◆ **Exercise brief**: Restate every record that follows, keeping it exact.

◆ **Supplied records**:
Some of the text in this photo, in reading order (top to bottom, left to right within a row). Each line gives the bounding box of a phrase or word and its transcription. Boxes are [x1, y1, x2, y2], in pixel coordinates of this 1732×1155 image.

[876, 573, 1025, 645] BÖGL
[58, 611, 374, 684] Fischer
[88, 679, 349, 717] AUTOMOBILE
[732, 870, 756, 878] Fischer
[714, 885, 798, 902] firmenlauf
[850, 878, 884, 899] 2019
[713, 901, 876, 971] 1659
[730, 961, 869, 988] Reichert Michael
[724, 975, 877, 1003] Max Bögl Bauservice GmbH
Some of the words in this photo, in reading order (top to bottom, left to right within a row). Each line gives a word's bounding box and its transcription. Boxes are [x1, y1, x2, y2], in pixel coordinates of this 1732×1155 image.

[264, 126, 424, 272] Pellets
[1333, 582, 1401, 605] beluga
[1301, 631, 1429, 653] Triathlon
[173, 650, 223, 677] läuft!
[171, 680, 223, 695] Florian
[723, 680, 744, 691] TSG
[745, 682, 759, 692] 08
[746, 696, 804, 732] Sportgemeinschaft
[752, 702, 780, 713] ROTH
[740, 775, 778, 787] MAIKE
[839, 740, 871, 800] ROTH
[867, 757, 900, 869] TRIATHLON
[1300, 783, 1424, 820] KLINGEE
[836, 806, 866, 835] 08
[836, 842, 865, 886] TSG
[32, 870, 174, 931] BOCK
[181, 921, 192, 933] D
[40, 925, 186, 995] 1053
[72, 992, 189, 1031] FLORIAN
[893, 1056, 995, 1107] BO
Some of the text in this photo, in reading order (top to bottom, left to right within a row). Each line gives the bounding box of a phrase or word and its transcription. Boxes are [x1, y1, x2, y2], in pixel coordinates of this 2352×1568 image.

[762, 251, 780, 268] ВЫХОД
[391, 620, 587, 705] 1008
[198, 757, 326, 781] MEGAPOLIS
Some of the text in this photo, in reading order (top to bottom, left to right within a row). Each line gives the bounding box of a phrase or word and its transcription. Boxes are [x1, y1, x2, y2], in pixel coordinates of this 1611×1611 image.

◆ **Exercise output**:
Some of the text in this photo, in reading order (top to bottom, left to right within a row). Each line gives the bounding box of a phrase or word and its transcription. Boxes are [x1, y1, x2, y2], in pixel coordinates of this 1732×1155 image.

[876, 573, 1025, 645] BÖGL
[58, 611, 374, 684] Fischer
[88, 679, 349, 717] AUTOMOBILE
[732, 870, 756, 878] Fischer
[714, 885, 798, 902] firmenlauf
[850, 878, 884, 899] 2019
[713, 901, 876, 971] 1659
[730, 961, 869, 988] Reichert Michael
[724, 975, 877, 1003] Max Bögl Bauservice GmbH
Some of the words in this photo, in reading order (top to bottom, left to right within a row). Each line gives a word's bounding box and its transcription. Boxes are [x1, y1, x2, y2], in pixel coordinates of this 1732×1155 image.

[264, 126, 424, 272] Pellets
[1333, 582, 1401, 605] beluga
[1301, 631, 1429, 653] Triathlon
[173, 650, 223, 677] läuft!
[171, 680, 223, 695] Florian
[723, 680, 744, 691] TSG
[745, 682, 759, 692] 08
[746, 696, 804, 732] Sportgemeinschaft
[752, 702, 780, 713] ROTH
[740, 775, 778, 787] MAIKE
[839, 740, 871, 800] ROTH
[867, 757, 900, 869] TRIATHLON
[1300, 783, 1424, 820] KLINGEE
[836, 806, 866, 835] 08
[836, 842, 865, 886] TSG
[32, 870, 174, 931] BOCK
[181, 921, 192, 933] D
[40, 925, 186, 995] 1053
[72, 992, 189, 1031] FLORIAN
[893, 1056, 995, 1107] BO
Some of the text in this photo, in reading order (top to bottom, left to right within a row). Each line gives the bounding box of a phrase or word and its transcription. Boxes are [x1, y1, x2, y2], in pixel coordinates of this 2352×1568 image.

[762, 251, 780, 268] ВЫХОД
[391, 620, 587, 705] 1008
[198, 757, 326, 781] MEGAPOLIS
Some of the text in this photo, in reading order (top to bottom, left to right within a row). Each line gives the bounding box of a phrase or word and its transcription. Boxes are [x1, y1, x2, y2], in pixel coordinates of this 1611×1611 image.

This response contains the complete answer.